Primeiro, o departamento da pré-produção cuida de tudo que envolve o “antes” da produção em si, ou seja, o roteiro, o storyboard, a criação dos personagens, a criação do cenário de cada cena, o rig desses personagens e outros detalhes como props e som (muitas das vezes vozes guia que serão redubladas depois).

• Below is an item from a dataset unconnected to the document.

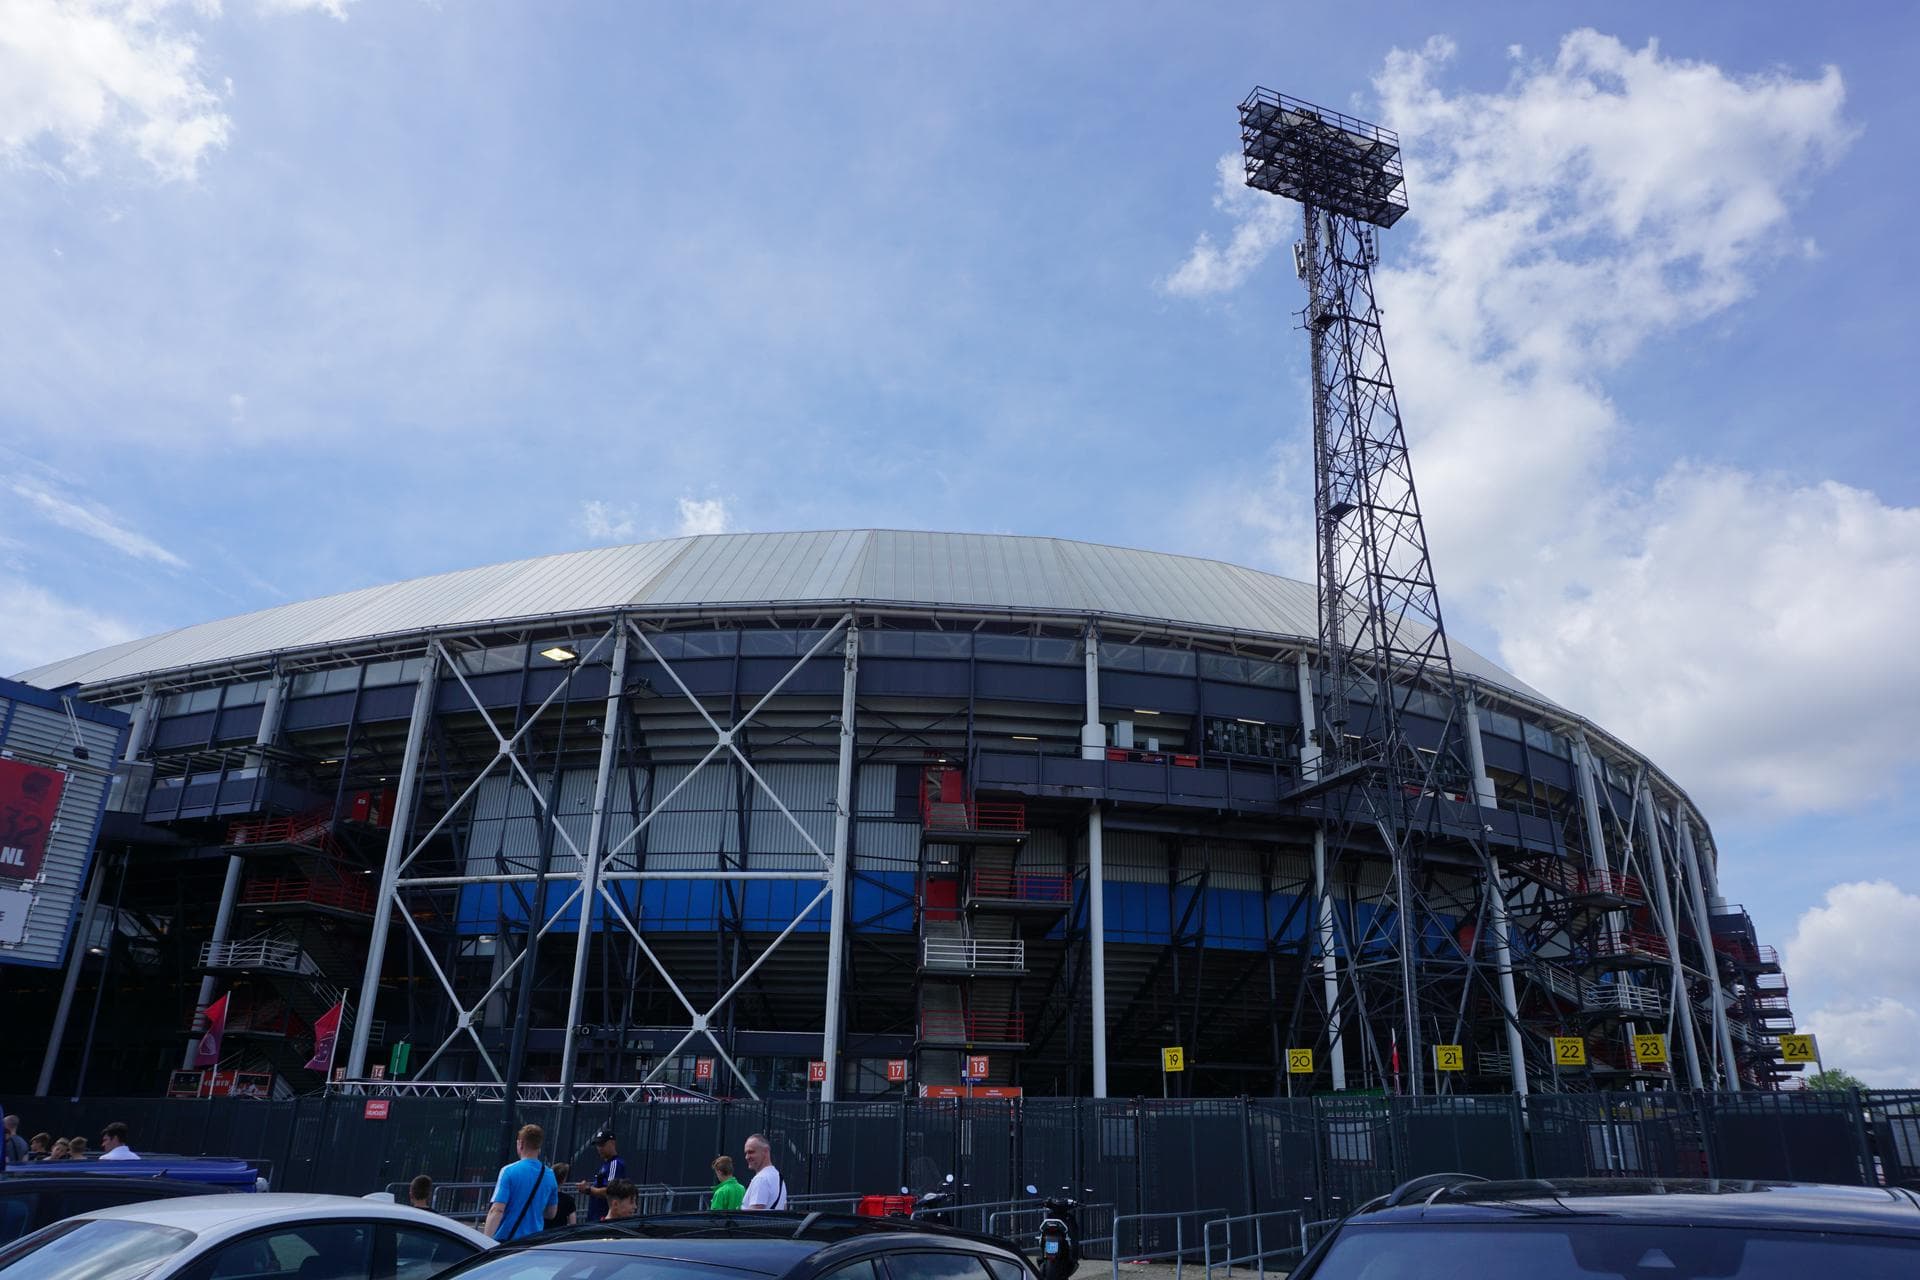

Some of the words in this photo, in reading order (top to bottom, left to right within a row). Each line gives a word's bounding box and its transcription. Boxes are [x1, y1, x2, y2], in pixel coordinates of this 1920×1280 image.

Nessa parte costuma-se encontrar diversos profissionais especializados em cada tarefa: O diretor, o roteirista, o storyboarder, o rigger, o character designer e o background designer (esses dois últimos também costumam cuidar dos props).

O storyboard costuma ser feito em um software chamado Storyboard Pro, os concepts e criações de personagem no Photoshop e o rig, dentro do Toonboom Harmony (software que será utilizado também posteriormente pelos animadores).

Walt Disney apresentando o storyboard do famoso filme “Fantasia” com Deems Taylor e Leopold Stokowski -1940. (Bettmann)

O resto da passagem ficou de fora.